"N. Andrew Walsh" <n.andrew.wa...@gmail.com> writes:

> It is entirely acceptable to be a music hobbyist who enjoys a passing
> familiarity with the classical tradition and is largely uninterested
> in more … esoteric discussions of theory. It is absolutely *not* all
> right to be spreading historical inaccuracies of this sort. The WTC is
> extensively researched and discussed in musicological and historical
> circles, sometimes heatedly, but the idea that Bach wrote it to prove
> that Well Temperament sounded "awful" (or the much worse assertion,
> that he wrote it to demonstrate *equal* temperament, a technological
> and historical impossibility in the 18th century)

Don't be silly.  Equal temperament most certainly is not
"technologically impossible".  Tuners of organs and accordions versed in
their art work by tuning a circle of fifths in a reference octave by
getting the proper sequence of beatings corresponding to the desired
temperament, then tune the other octaves in reference.

Meantone temperament is a bit different in that you walk a "circle of
major thirds" and distribute the tuning error across certain thirds
instead of across certain fifths like most well-tempered tunings do, or
even across _all_ fifths like equal temperant does.

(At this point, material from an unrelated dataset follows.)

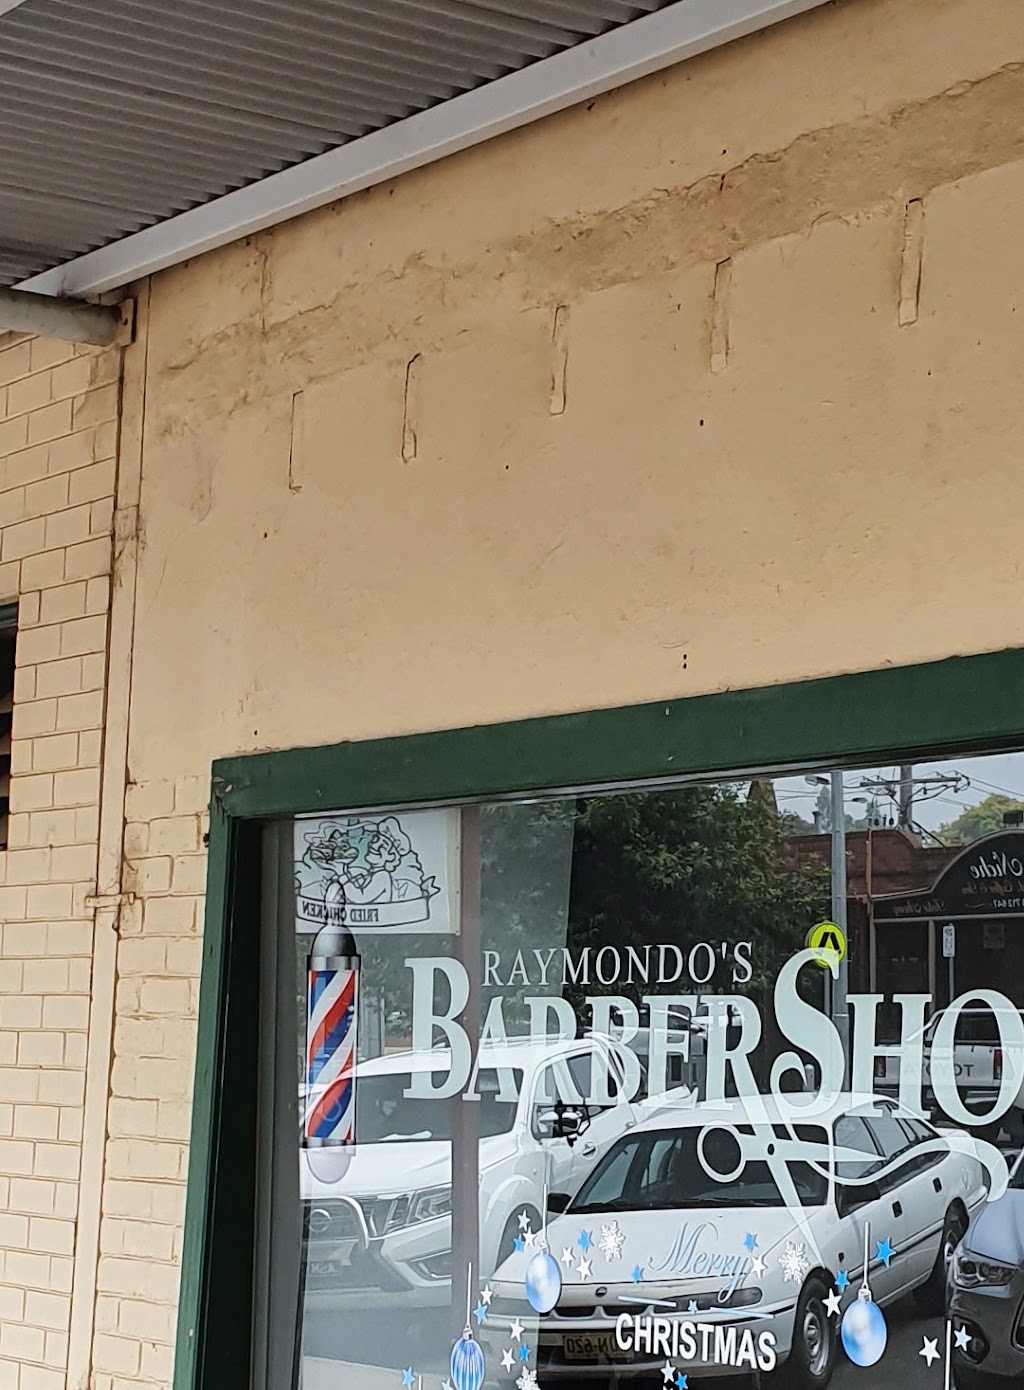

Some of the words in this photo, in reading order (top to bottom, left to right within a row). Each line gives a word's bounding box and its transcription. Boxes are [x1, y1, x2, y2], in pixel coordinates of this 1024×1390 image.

[482, 941, 754, 987] RAYMONDO'S
[647, 1221, 751, 1303] Merry
[615, 1312, 777, 1372] CHRISTMAS
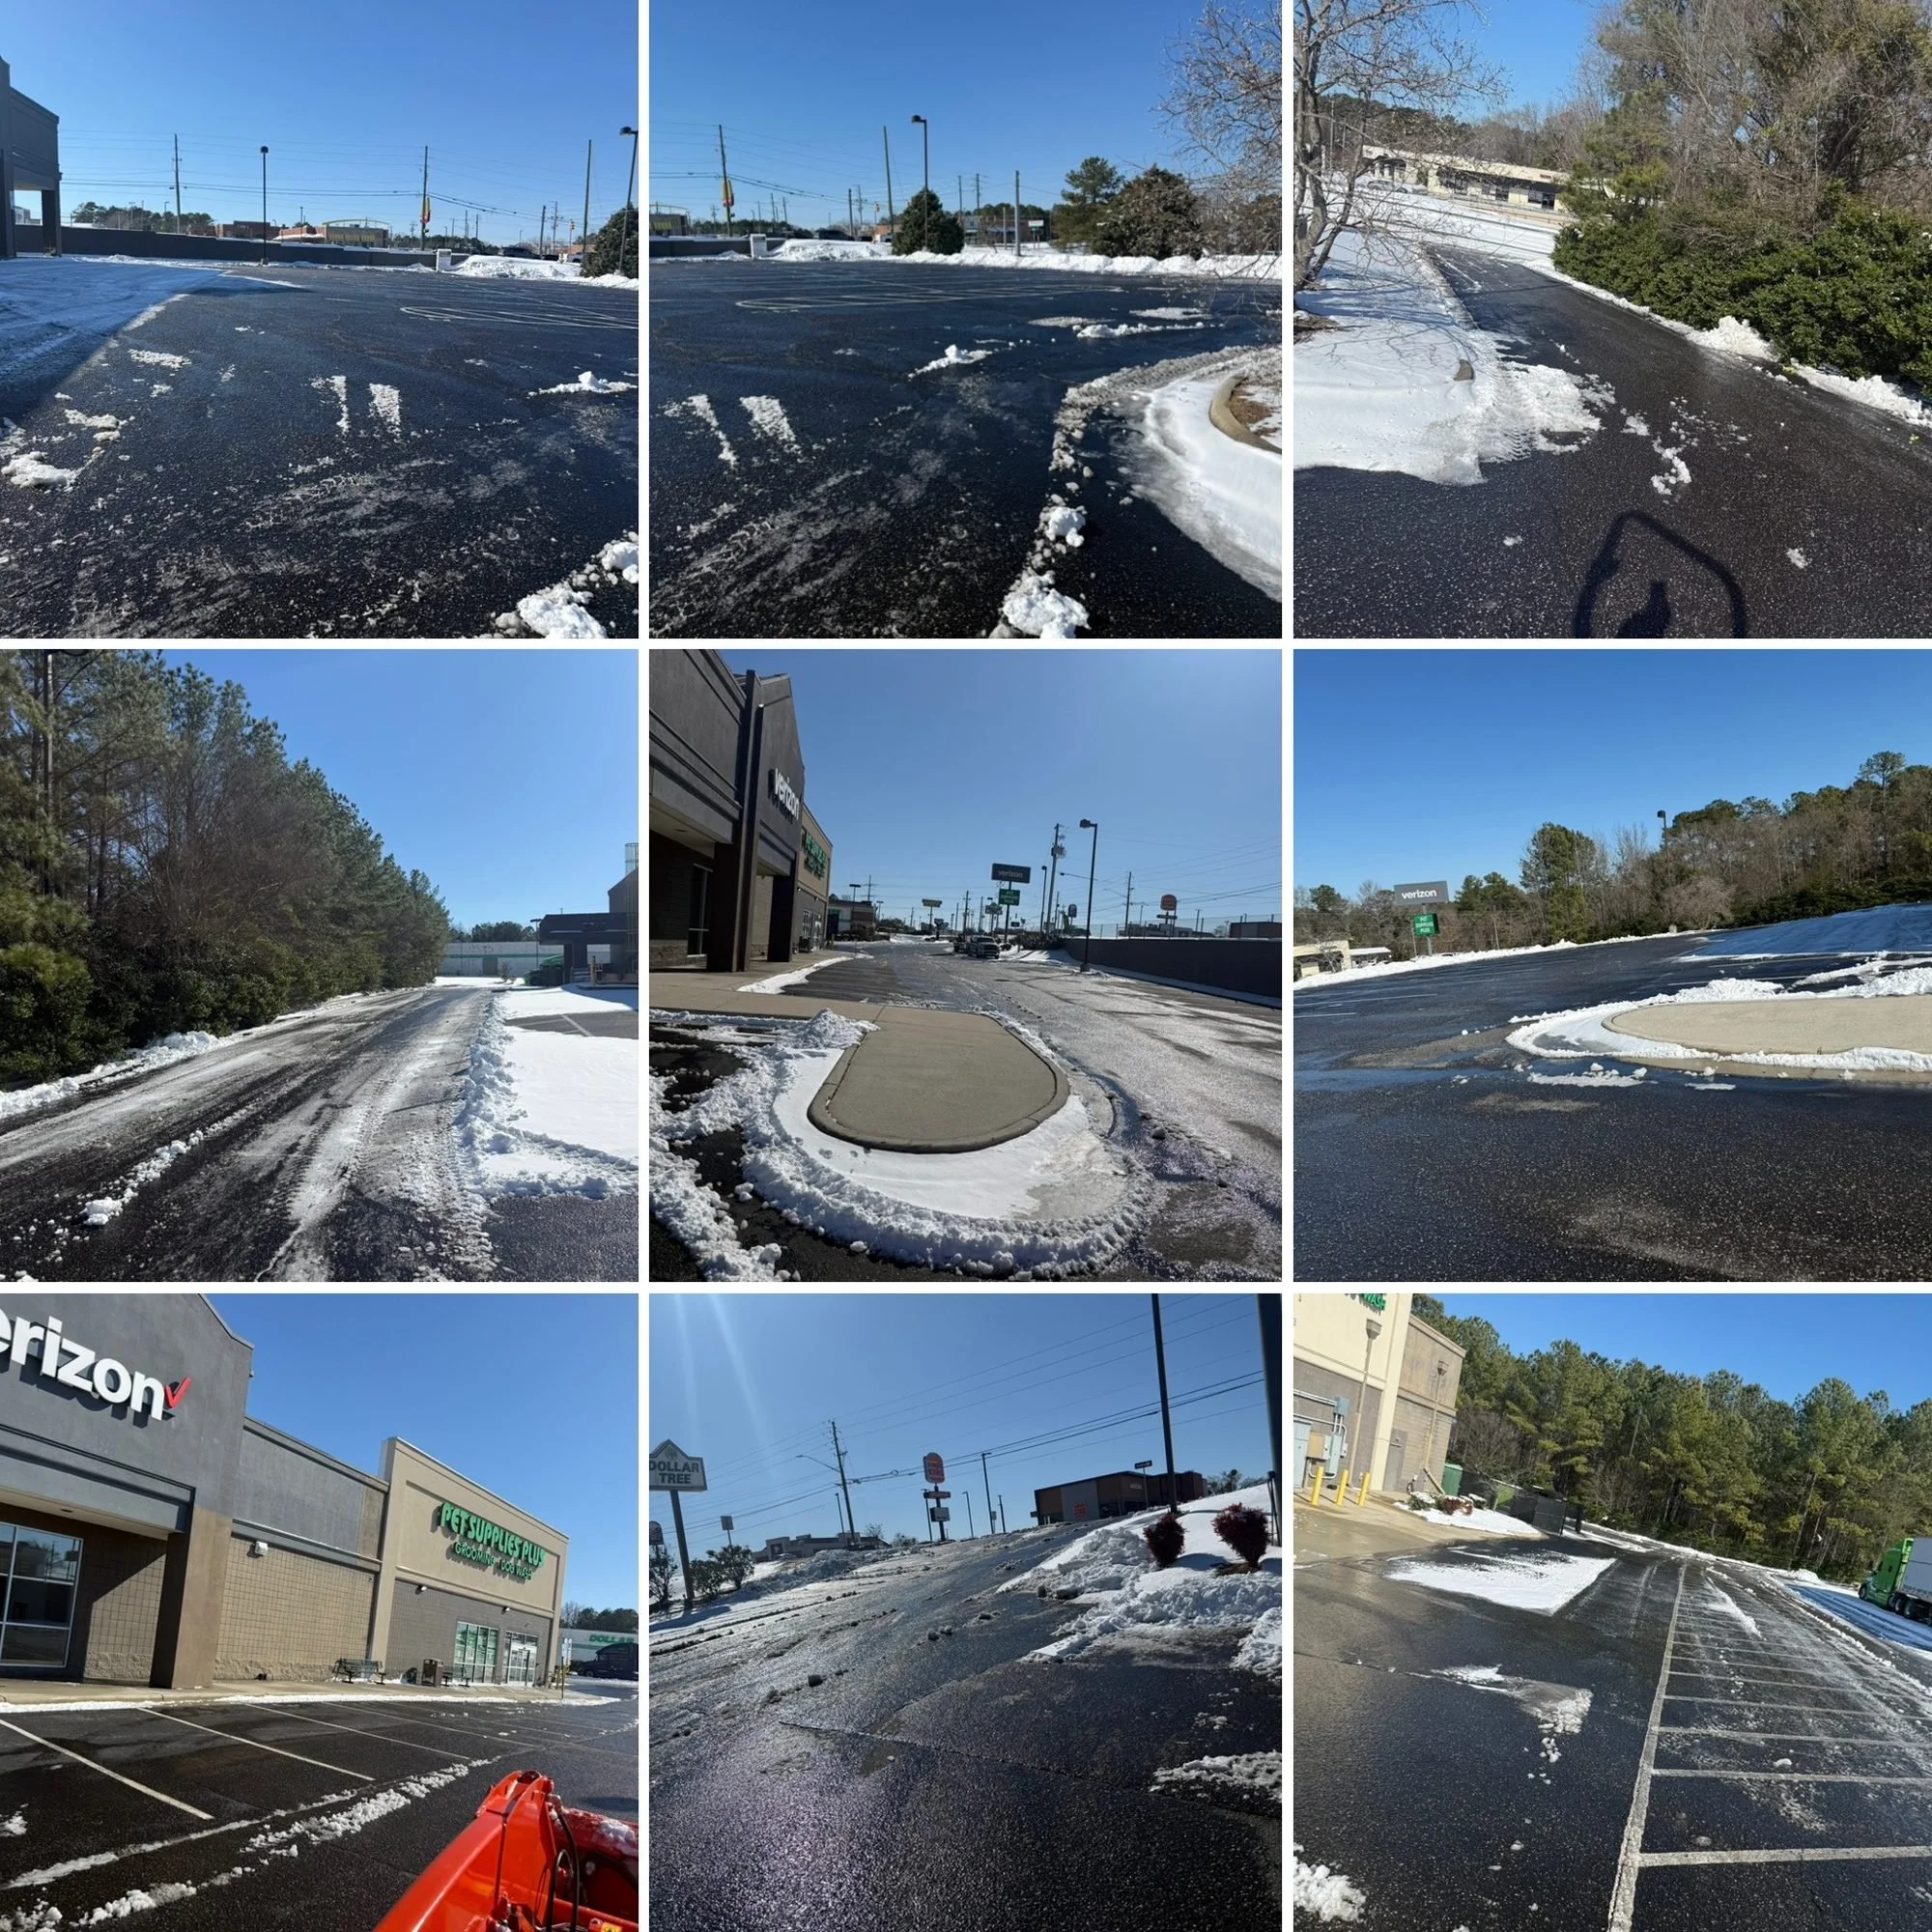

Electronic tuners have been around for much much shorter times and are
usually not employed by experts since they waste the tuner's precision
on _absolute_ pitch references rather than the _relative_ references
important to hearing because they cause the beat frequencies.

If you get a fifth off by 0.5cent, the beating to one of its neighboring
fifths will be almost double (5/3) the beatings to its other neighboring
fifths, assuming those are totally accurate.